**DATASET EXCERPTS:**
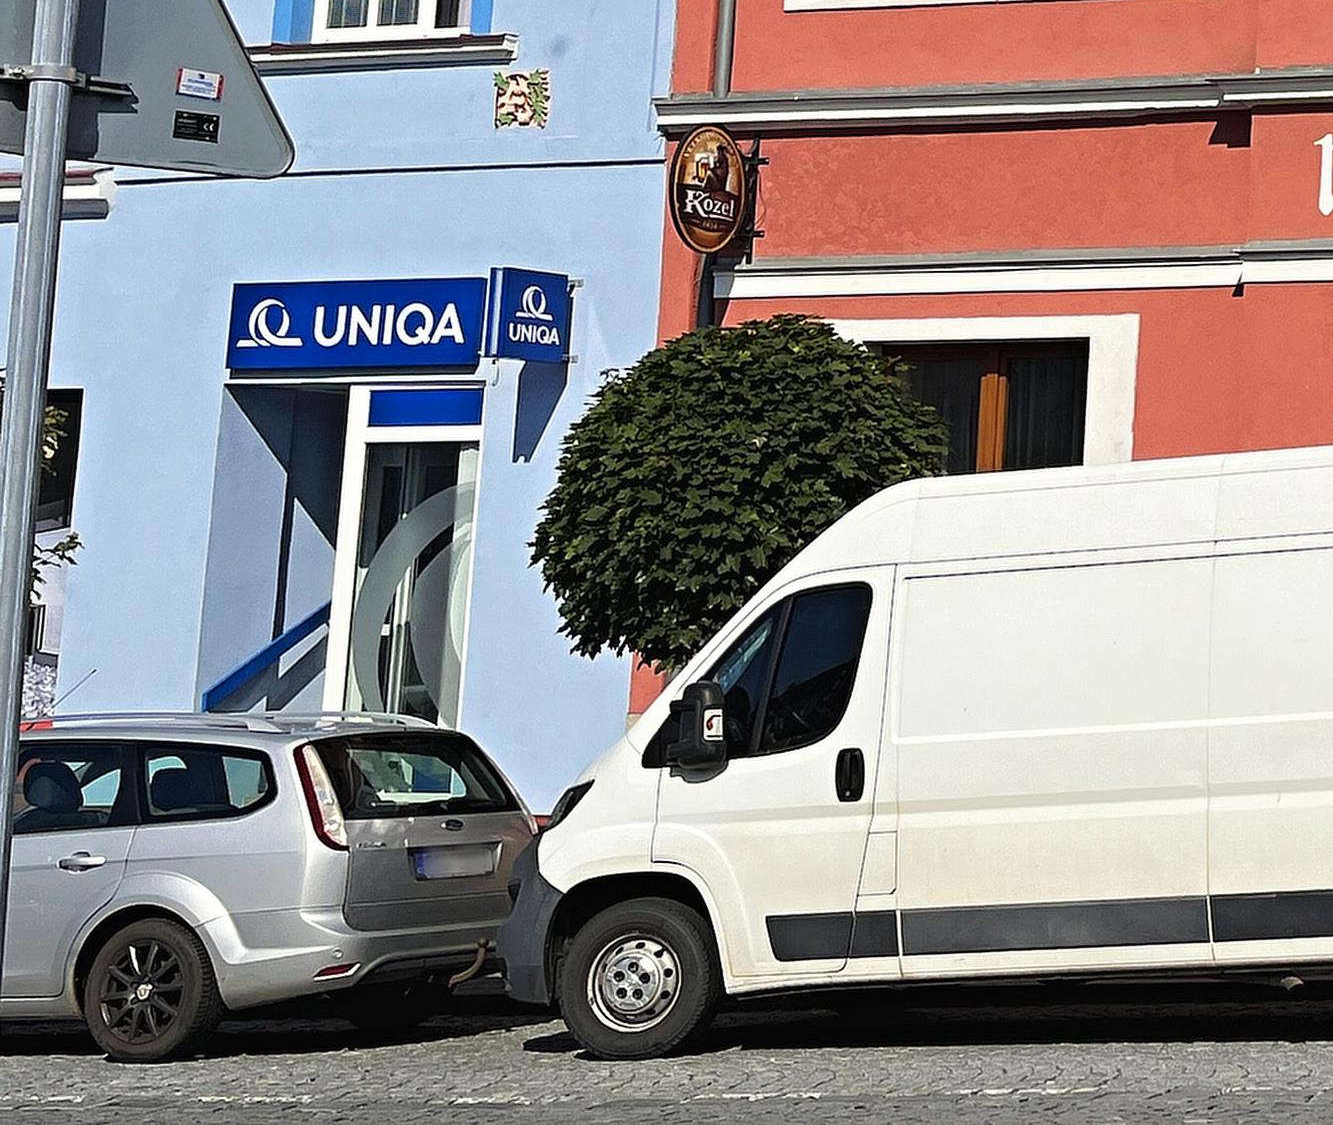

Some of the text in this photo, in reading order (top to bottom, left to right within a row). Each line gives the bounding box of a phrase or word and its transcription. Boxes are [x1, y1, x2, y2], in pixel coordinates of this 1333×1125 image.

[683, 189, 735, 221] Kozel
[313, 302, 465, 347] UNIQA
[508, 322, 561, 346] UNIQA
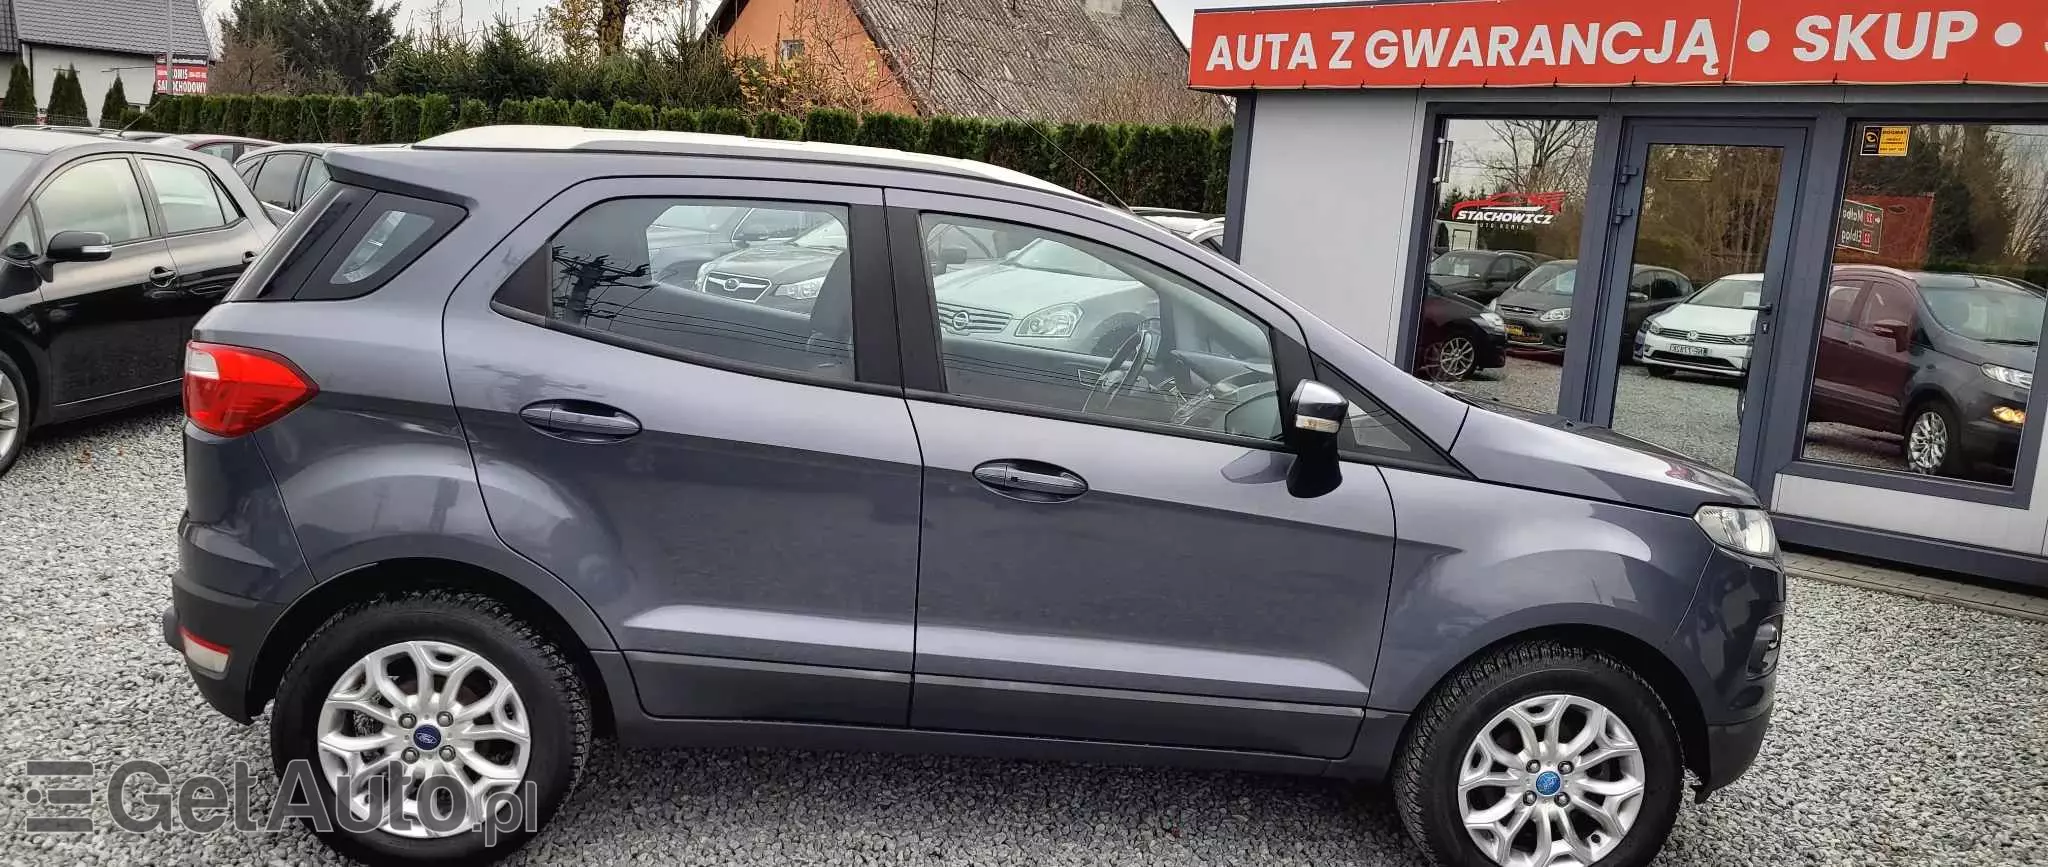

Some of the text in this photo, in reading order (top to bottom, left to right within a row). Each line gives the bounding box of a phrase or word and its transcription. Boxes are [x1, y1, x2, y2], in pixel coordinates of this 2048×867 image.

[1205, 10, 1979, 76] AUTA Z GWARANCJĄ SKUP
[1456, 210, 1555, 225] STACHOWICZ
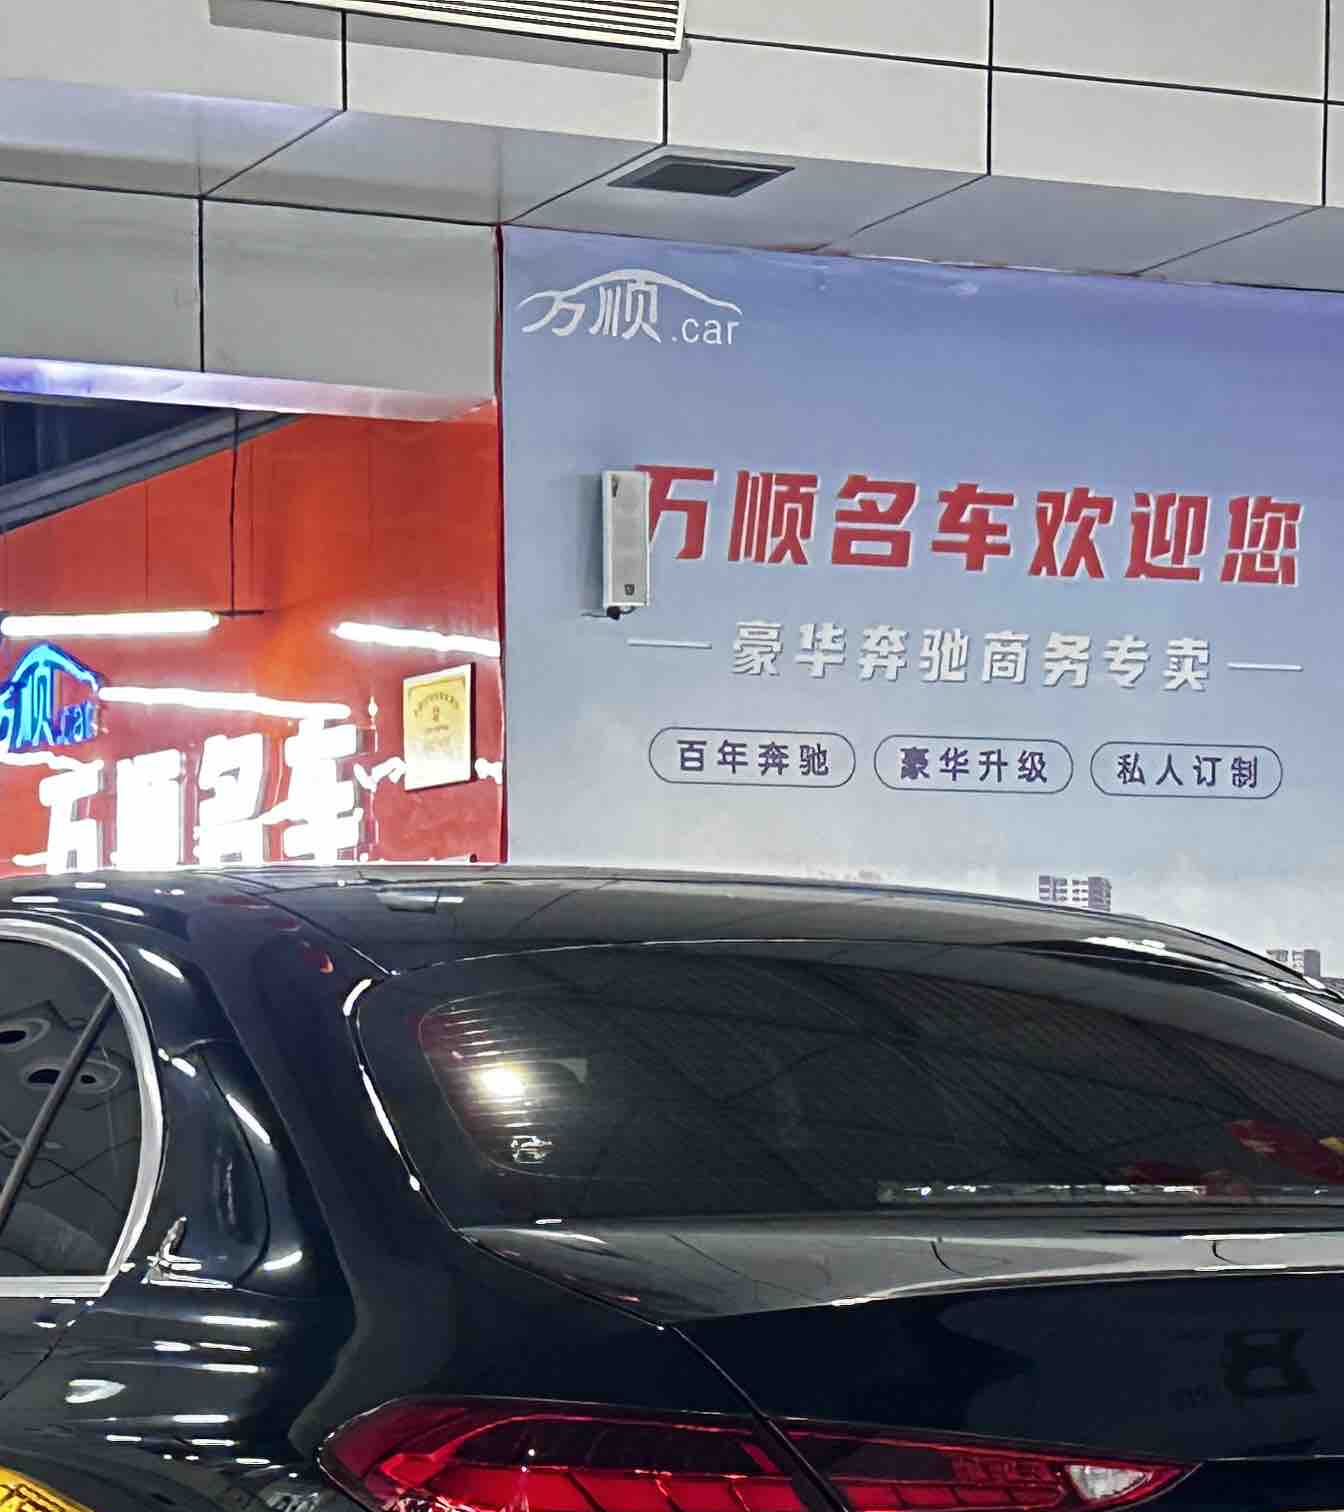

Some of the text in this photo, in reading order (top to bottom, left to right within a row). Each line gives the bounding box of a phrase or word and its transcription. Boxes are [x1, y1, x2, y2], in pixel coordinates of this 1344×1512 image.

[635, 464, 1305, 588] 万顺名车欢迎您
[730, 619, 1213, 692] 豪华奔驰商务专卖
[676, 739, 831, 777] 百年奔驰
[899, 746, 1049, 785] 豪华升级
[1116, 755, 1259, 790] 私人订制
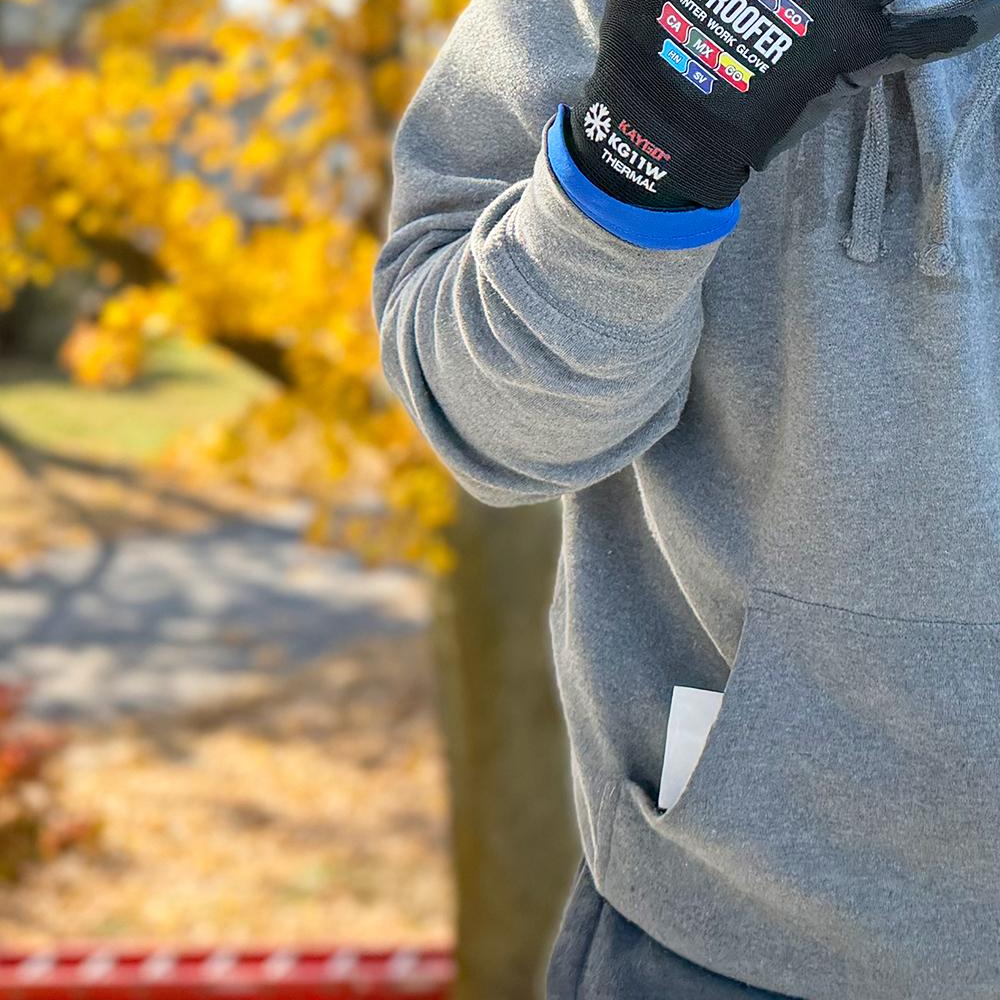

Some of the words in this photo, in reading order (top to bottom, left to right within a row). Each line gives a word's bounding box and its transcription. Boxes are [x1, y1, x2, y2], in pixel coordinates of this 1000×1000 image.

[666, 15, 681, 32] CA
[693, 39, 713, 58] MX
[784, 8, 801, 25] CO
[707, 18, 737, 47] WORK
[736, 44, 770, 74] GLOVE
[693, 72, 707, 83] SV
[601, 148, 657, 193] THERMAL
[608, 132, 667, 180] KG11W
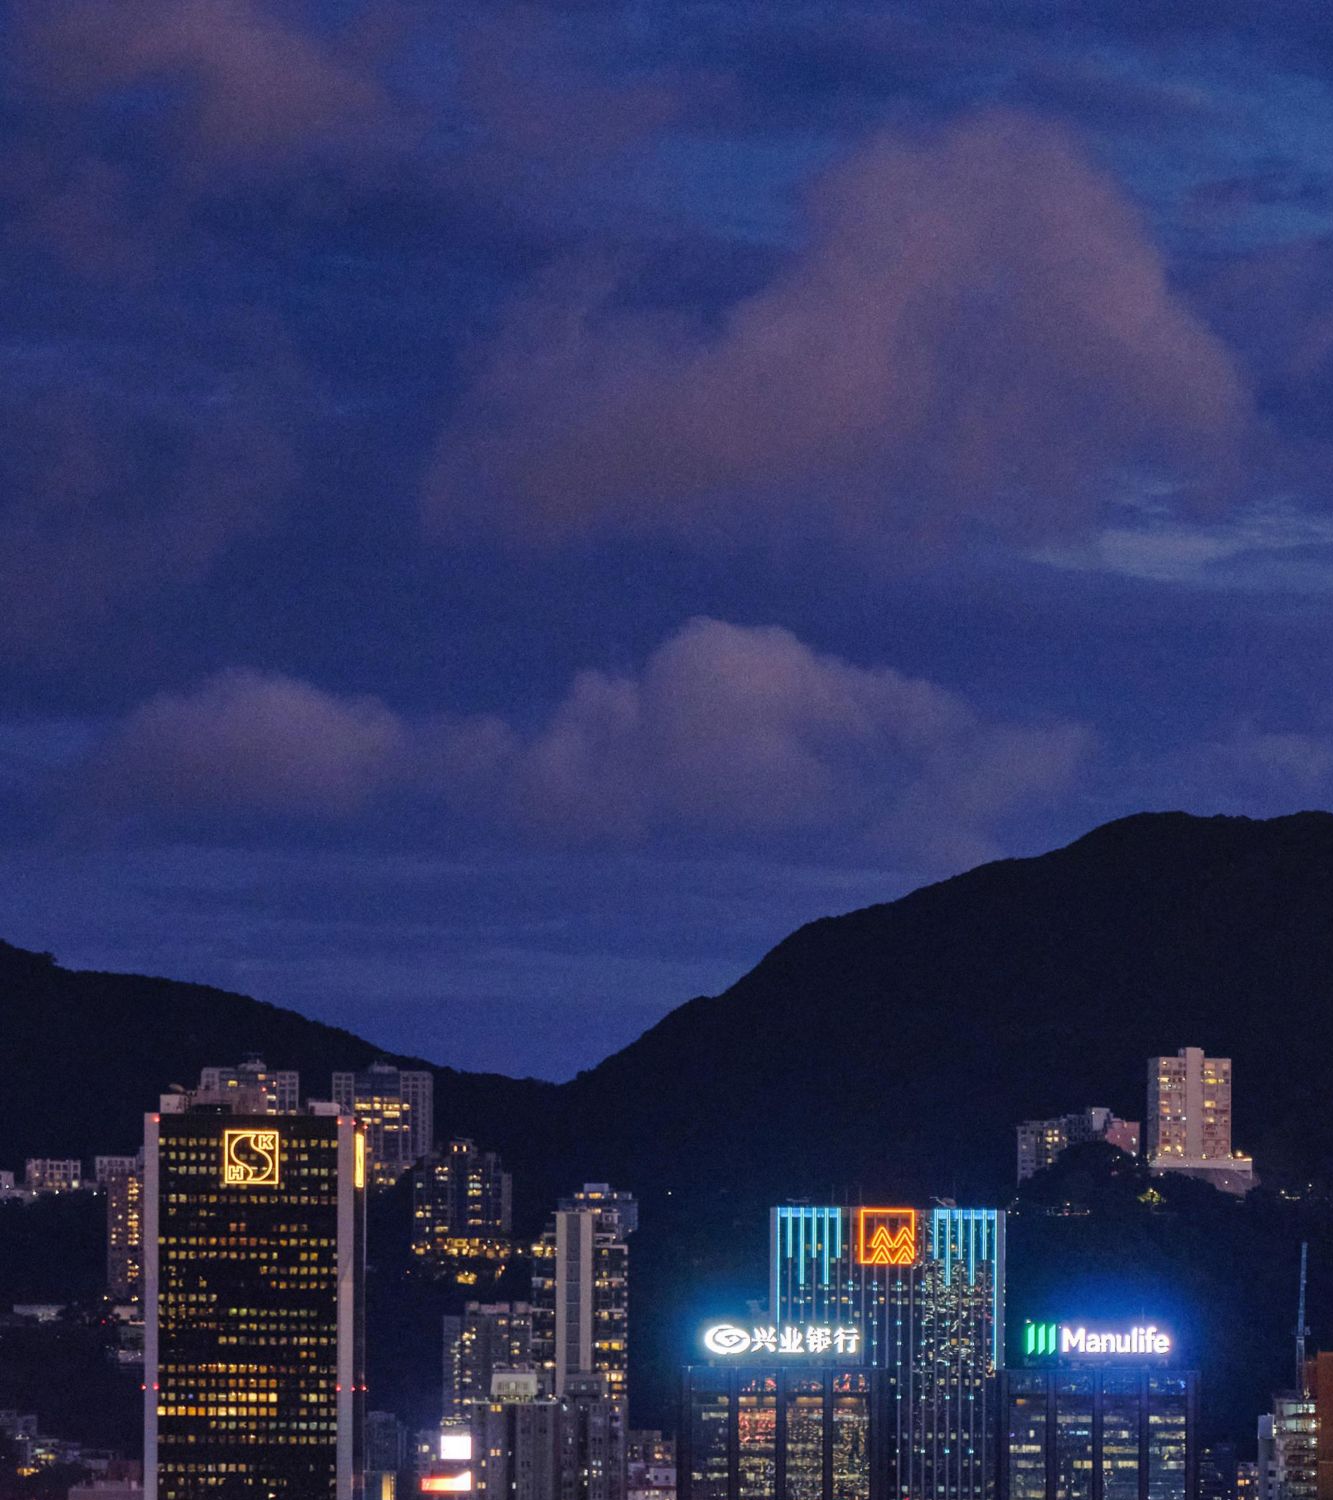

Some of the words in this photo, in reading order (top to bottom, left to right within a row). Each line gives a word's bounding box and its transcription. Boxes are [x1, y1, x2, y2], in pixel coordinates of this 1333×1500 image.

**DIRECTIONS FOR THIS TASK:** With the pictures left out, return all the material above exactly.

**EXPECTED ANSWER:**
Some of the text in this photo, in reading order (top to bottom, left to right within a row). Each line gives the bounding box of a phrase or word and its transcription. Boxes are [x1, y1, x2, y2], in pixel coordinates of this 1333×1125 image.

[683, 189, 735, 221] Kozel
[313, 302, 465, 347] UNIQA
[508, 322, 561, 346] UNIQA

Some of the text in this photo, in reading order (top to bottom, left to right within a row). Each line gives the bounding box of a phrase or word and its transcription. Boxes are [x1, y1, x2, y2], in pixel coordinates of this 2048×867 image.

[1205, 10, 1979, 76] AUTA Z GWARANCJĄ SKUP
[1456, 210, 1555, 225] STACHOWICZ

Some of the text in this photo, in reading order (top to bottom, left to right within a row). Each line gives the bounding box of a phrase or word and its transcription. Boxes are [x1, y1, x2, y2], in pixel coordinates of this 1344×1512 image.

[635, 464, 1305, 588] 万顺名车欢迎您
[730, 619, 1213, 692] 豪华奔驰商务专卖
[676, 739, 831, 777] 百年奔驰
[899, 746, 1049, 785] 豪华升级
[1116, 755, 1259, 790] 私人订制

Some of the words in this photo, in reading order (top to bottom, left to right within a row). Each line gives a word's bounding box and its transcription. Boxes are [x1, y1, x2, y2], in pixel coordinates of this 1000×1000 image.

[666, 15, 681, 32] CA
[693, 39, 713, 58] MX
[784, 8, 801, 25] CO
[707, 18, 737, 47] WORK
[736, 44, 770, 74] GLOVE
[693, 72, 707, 83] SV
[601, 148, 657, 193] THERMAL
[608, 132, 667, 180] KG11W

Some of the words in this photo, in reading order (top to bottom, left to right within a row). Each line gives a word's bounding box and its transcription. Boxes are [x1, y1, x2, y2], in pixel coordinates of this 1333×1500 image.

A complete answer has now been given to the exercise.